Eso significa que desde antes de la pandemia la universidad pública ya estaba en proceso de deformación espiritual, subsistiendo sin ninguna visión de compromiso social ni modelo de democracia prístina, y únicamente se dedicó a resolver sus crisis financieras convertidas en crónicas cuando se subsidió, a plena luz del día, a las universidades privadas. En El Salvador, en el marco de crisis políticas disfrazadas de crisis financieras, la consigna de los años 80 y principios de los 90: “la Universidad de El Salvador se niega a morir”, fue alterada, después de la firma de los acuerdos de paz y de las primeras exigencias de acreditación neoliberal, por la consigna: “la Universidad de El Salvador se niega a vivir”, pues en los últimos veinte años no se han puesto en práctica ideas innovadoras de educación superior (o éstas han sido saboteadas en el interior de la universidad), situación que se hizo más tangible cuando las autoridades –muchas de ellas sin virtudes intelectuales o históricas, pero sí con recursos para ser entes electorales- dejaron de ser electas por la comunidad universitaria, la que fue sustituida por organismos internos que, manipulados por los dirigentes del partido de izquierda oficial (cuyos hijos no estudian en la universidad pública, hay que aclarar), reproducen los vicios de los regímenes políticos en los que los gendarmes de la gobernabilidad son la corrupción e impunidad.

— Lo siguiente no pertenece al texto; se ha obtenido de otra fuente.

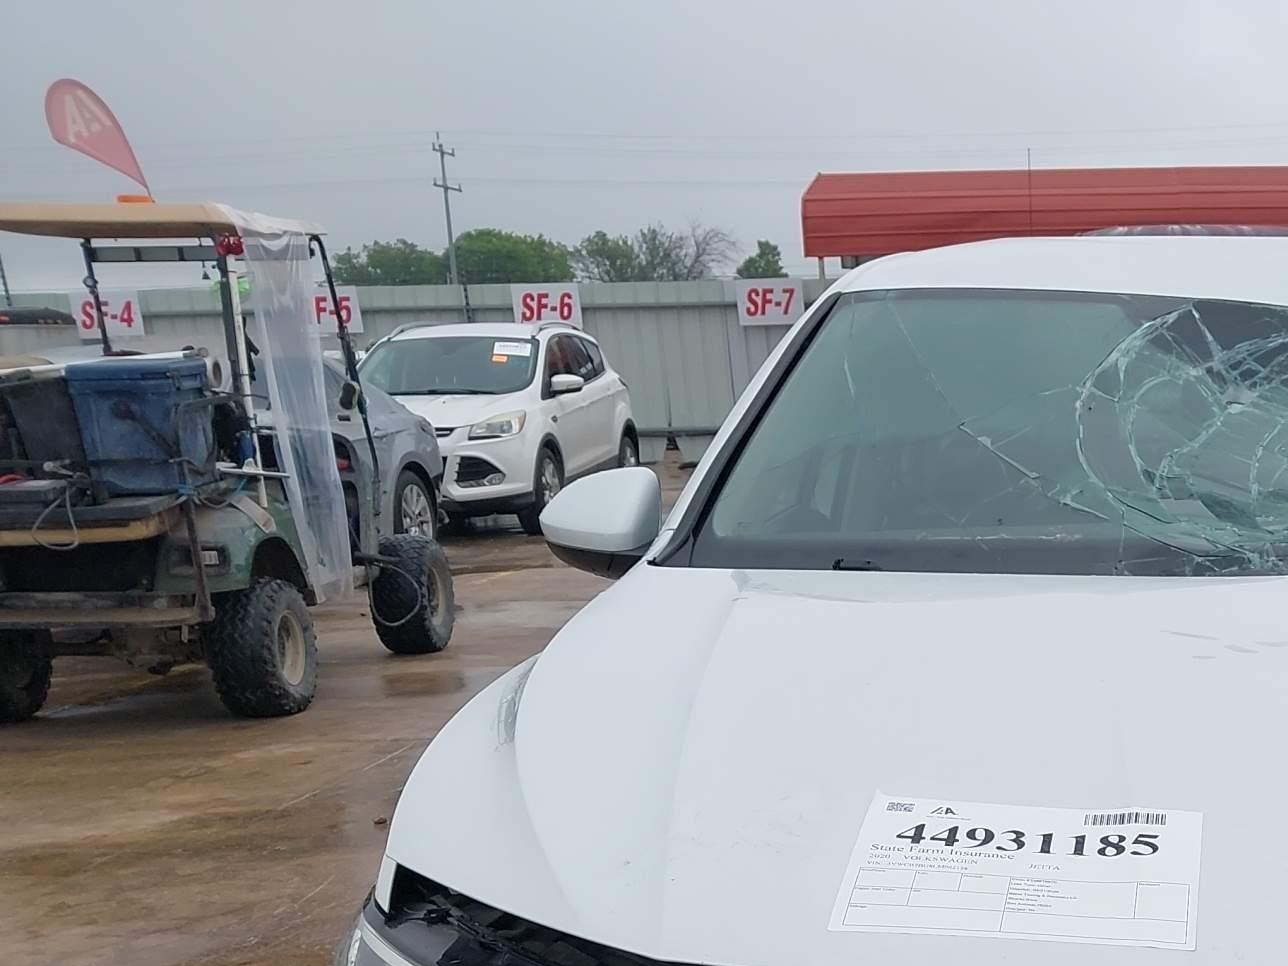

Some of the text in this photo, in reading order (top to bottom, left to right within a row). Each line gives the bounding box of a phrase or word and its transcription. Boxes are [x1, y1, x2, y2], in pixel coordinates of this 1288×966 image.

[315, 296, 351, 325] F-5
[521, 292, 573, 322] SF-6
[746, 287, 796, 317] SF-7
[870, 843, 1015, 860] State Farm Insurance
[895, 823, 1160, 857] 44931185
[904, 854, 978, 865] VOLKSWAGEN

La segunda emboscada vino de la ultraderecha ideológica y religiosa (agazapada dentro y fuera de la universidad pública, y que muchas veces vive de las glorias de los dirigentes de la izquierda verdaderamente revolucionaria) que tiene una ideología reaccionaria, cuando no fascista, unas veces formulada en términos religiosos (los programas de estudio son catecismos cuyos capítulos hay que leer de acuerdo a un cronograma inviolable), y otras, en términos populares sin dejar de ser antipopular. Esta derecha enquistada en la universidad está apoyada, abierta y socialmente, por grupos radicales de derecha estudiantil –que dicen ser académicos puros- que han hecho de los organismos universitarios su modus vivendi, y eso explica que permanezcan dos décadas estudiando una carrera de cinco años; de extrema y falsa izquierda que venera las fotos de los revolucionarios, pero no sus idearios ni probidad; de neonazis disfrazados de anarquistas o eruditos; de proselitistas religiosos que formulan planes de estudio a imagen y semejanza del dios virtual de lo mercantil; de historiadores pusilánimes e ineptos que han sido formados con cursos de sociología funcionalista para que sepan replicar –en sus redes sociales- la historia del victimario; y por el inmenso grupo de oportunistas que provienen tanto de las otrora filas populares como de las de la derecha tradicional, al menos en el caso salvadoreño.